An algorithm has been developed that determines Pump&Dump schemes

An algorithm has been developed that determines Pump&Dump schemes

Pump and dump schemes are becoming increasingly common in the cryptocurrency markets. Cybersecurity experts are now learning to predict them in advance.

Trading in the cryptocurrency market has been like a roller coaster ride over the past few years.

 The high volatility of crypto assets, as well as the anonymity they offer, has attracted many scammers and scammers into the crypto space. The history of cryptocurrency is replete with thefts, Ponzi schemes and other scams.

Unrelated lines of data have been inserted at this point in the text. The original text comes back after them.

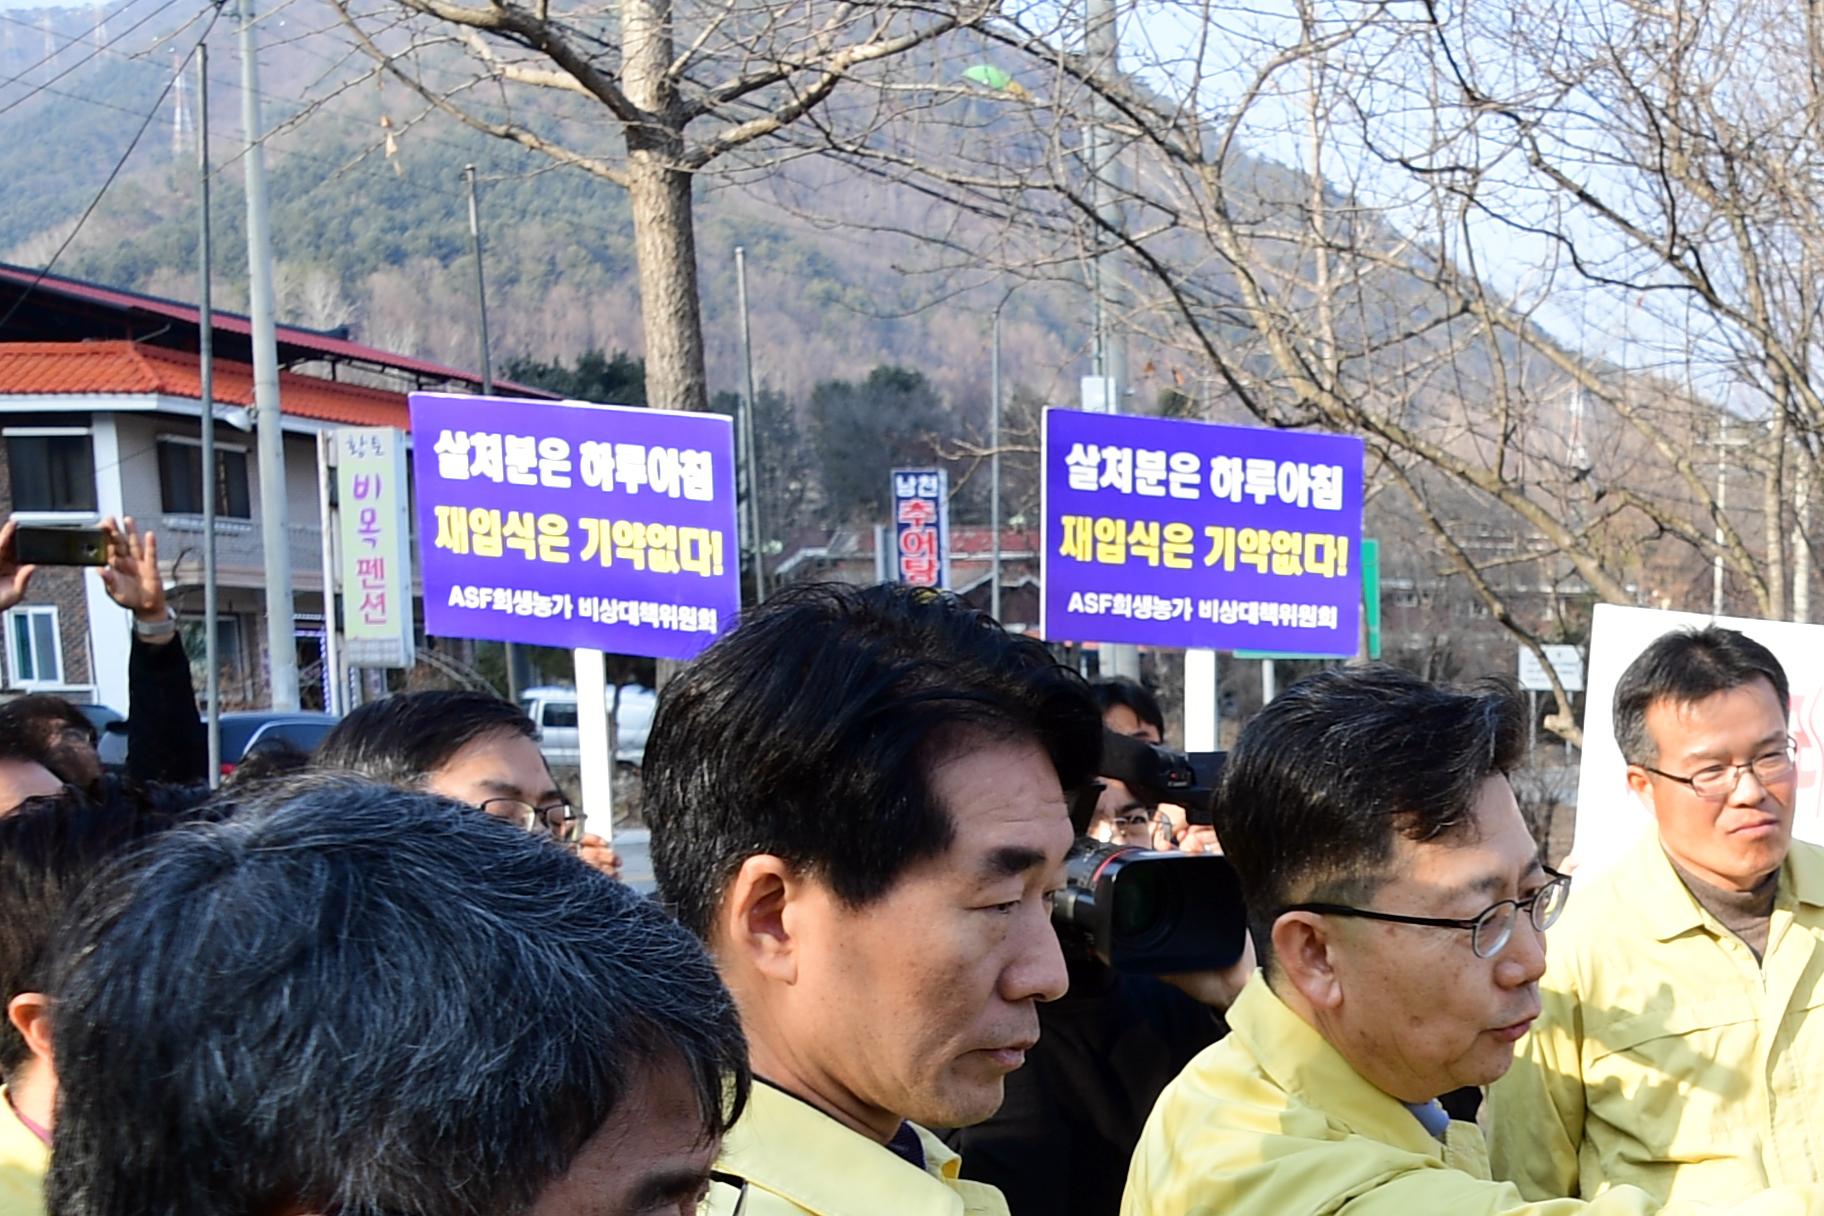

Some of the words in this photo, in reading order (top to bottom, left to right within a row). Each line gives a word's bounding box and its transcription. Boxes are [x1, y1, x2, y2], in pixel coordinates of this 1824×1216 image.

[433, 429, 572, 488] 살처분은
[579, 441, 713, 501] 하루아침
[1065, 443, 1200, 499] 살처분은
[1210, 455, 1343, 510] 하루아침
[434, 505, 570, 564] 재입식은
[578, 517, 724, 577] 기약없다!
[899, 499, 940, 586] 추어탕
[1059, 515, 1194, 569] 재입식은
[1203, 526, 1349, 578] 기약없다!
[448, 585, 574, 619] ASF희생농가
[578, 597, 718, 634] 비상대책위원회
[1067, 592, 1193, 622] ASF희생농가
[1198, 598, 1338, 629] 비상대책위원회

But in recent months, one type of scam has come to the fore: the Pump and Dump scheme.

Researchers at Imperial College London have studied pump and dump schemes in cryptocurrency markets and are now publishing the first detailed report on how they work. Researchers have even developed an algorithm that can predict the next upcoming Pump and Dump, offering a promising way to prevent them.

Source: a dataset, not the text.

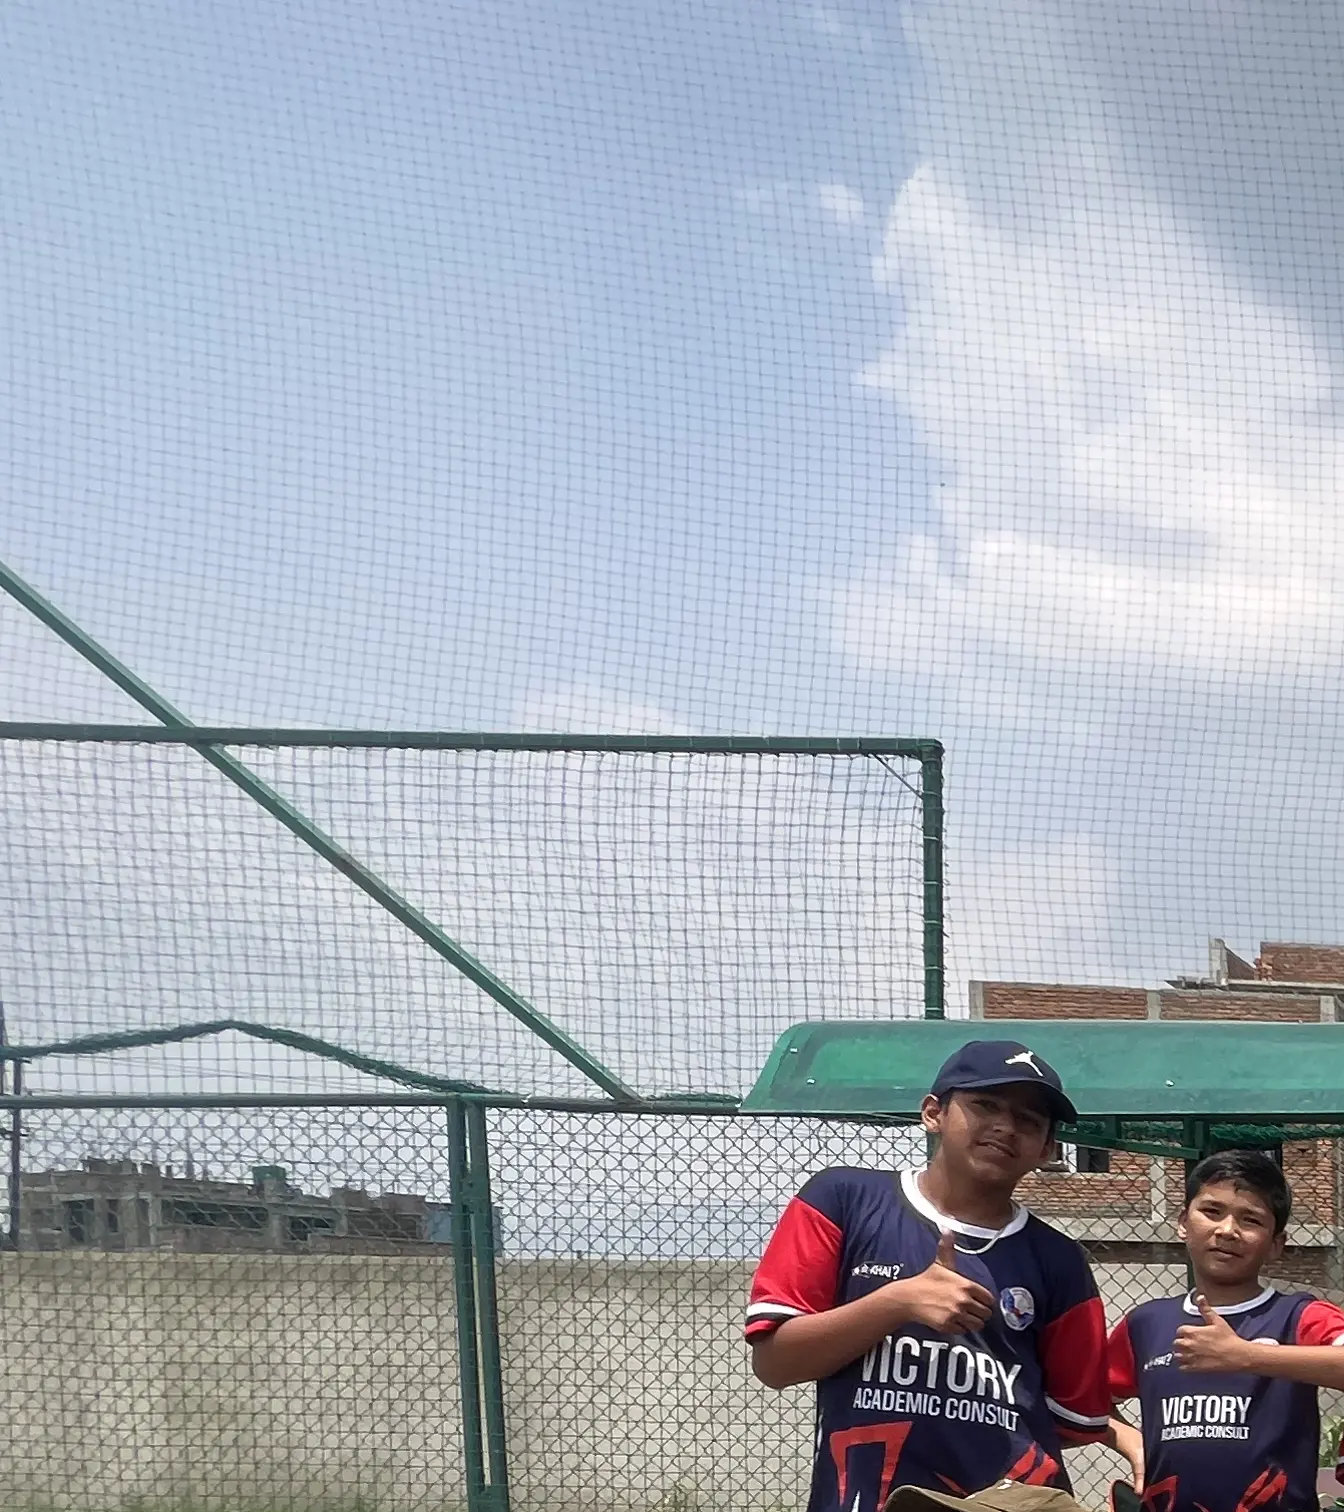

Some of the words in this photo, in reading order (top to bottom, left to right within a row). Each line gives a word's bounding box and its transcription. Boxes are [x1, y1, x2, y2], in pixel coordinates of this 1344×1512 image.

Pump and Dump schemes are a well-known trick in traditional financial markets that begin with picking a dubious asset and quietly hoarding it. Active buying of a coin by a group of people in a matter of seconds can pump up its price by 300-500 percent and allow naive novice traders to dump the entire supply at an inflated price.

After studying 236 events associated with Pump and Dump between July 21 and November 18, they made sure that all of them were preceded by an uncharacteristic buying of the target coin. 

Researchers note that on average, two similar scams occur every day, and each month they generate about $7 million in trading volume in the cryptocurrency market.